Professional News
More Teens Abuse Painkillers, Fewer Taking Methamphetamine
Psychiatric News
Volume 42 Number 3 page 13-13

Illicit drug use among young people dropped by more than 20 percent during the last five years, according a government-funded survey, but the use of prescription painkillers such as Oxycontin and Vicodin remains at peak levels.

This is the mixed news from government officials who spoke at a press conference in Washington, D.C., this past December to discuss the latest findings from the annual survey.

When extrapolated to population estimates, the data indicate that approximately 840,000 fewer teens used illicit drugs in 2006 than in 2001, according to John Walters, director of the Office of National Drug Control Policy. "Drug use is associated with the risk of school failure, unwanted pregnancy, violence, car accidents, and psychological and physical illness," he said. "The benefits gained [by youth from lower illicit drug use] during this five-year period will last for the rest of their lives."

The Monitoring the Future study is conducted each year by University of Michigan researchers who survey a representative sample of about 48,500 eighth, 10th, and 12th graders from 400 secondary schools, both public and private.
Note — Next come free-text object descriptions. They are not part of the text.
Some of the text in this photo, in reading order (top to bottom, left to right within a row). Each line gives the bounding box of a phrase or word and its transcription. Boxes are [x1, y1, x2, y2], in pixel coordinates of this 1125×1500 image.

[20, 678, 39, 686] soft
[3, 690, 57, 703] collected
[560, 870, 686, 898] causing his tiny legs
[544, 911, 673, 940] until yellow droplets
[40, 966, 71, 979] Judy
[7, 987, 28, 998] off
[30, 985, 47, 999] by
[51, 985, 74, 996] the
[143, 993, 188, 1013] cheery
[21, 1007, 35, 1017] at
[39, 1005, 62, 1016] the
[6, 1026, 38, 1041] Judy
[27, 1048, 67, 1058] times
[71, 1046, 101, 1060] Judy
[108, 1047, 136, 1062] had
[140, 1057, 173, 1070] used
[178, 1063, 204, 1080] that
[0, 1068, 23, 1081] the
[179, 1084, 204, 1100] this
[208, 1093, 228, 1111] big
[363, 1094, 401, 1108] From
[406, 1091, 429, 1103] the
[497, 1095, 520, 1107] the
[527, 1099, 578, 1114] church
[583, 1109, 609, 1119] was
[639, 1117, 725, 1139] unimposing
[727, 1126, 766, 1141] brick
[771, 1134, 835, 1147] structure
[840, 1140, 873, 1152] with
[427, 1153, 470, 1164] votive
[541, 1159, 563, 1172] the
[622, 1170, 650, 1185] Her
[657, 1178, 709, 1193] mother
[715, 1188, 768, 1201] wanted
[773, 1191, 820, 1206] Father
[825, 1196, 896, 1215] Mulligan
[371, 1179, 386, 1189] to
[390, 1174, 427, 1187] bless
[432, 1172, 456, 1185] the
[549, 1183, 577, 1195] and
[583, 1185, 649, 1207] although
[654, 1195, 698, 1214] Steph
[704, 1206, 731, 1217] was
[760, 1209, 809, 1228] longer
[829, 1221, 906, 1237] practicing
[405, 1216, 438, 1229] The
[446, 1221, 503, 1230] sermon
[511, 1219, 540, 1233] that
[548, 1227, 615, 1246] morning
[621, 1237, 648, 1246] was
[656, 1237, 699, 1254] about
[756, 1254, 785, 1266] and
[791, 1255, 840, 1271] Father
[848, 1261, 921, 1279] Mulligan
The National Institute on Drug Abuse (NIDA) funds the study.

About a fifth (21 percent) of eighth graders, over a third (36 percent) of 10th graders, and about half (48 percent) of 12th graders have taken any illicit drug during their lifetimes, according to the findings. The encouraging news, however, is that current use of Marijuana (including hashish) declined nearly 25 percent for eighth, 10th, and 12th graders combined from 2001 to 2006. marijuana, the most widely used of the illicit drugs, showed the fifth consecutive year of decrease among 10th and 12th graders. For example, marijuana use for seniors dropped from 22.4 to 18.3 percent over the past five years. Among 10th graders, marijuana use fell from 19.8 percent in 2001 to 14.2 percent in 2006.

After declining several years ago, marijuana use has remained steady for eighth graders—over the past three years, about 6.5 percent of them have reported current marijuana use.

Officials noted that changes in the overall use of illicit drugs from 2005 to 2006 were not significant for students in any of the three grades studied.

Methamphetamine use declined among 10th graders over the past year. Annual prevalence rates for 8th and 10th graders were 1.8 in 2006 and 2.5 percent for 12th graders. Since 2001, among all grades combined, current methamphetamine use has dropped from 1.4 percent to 0.7 percent.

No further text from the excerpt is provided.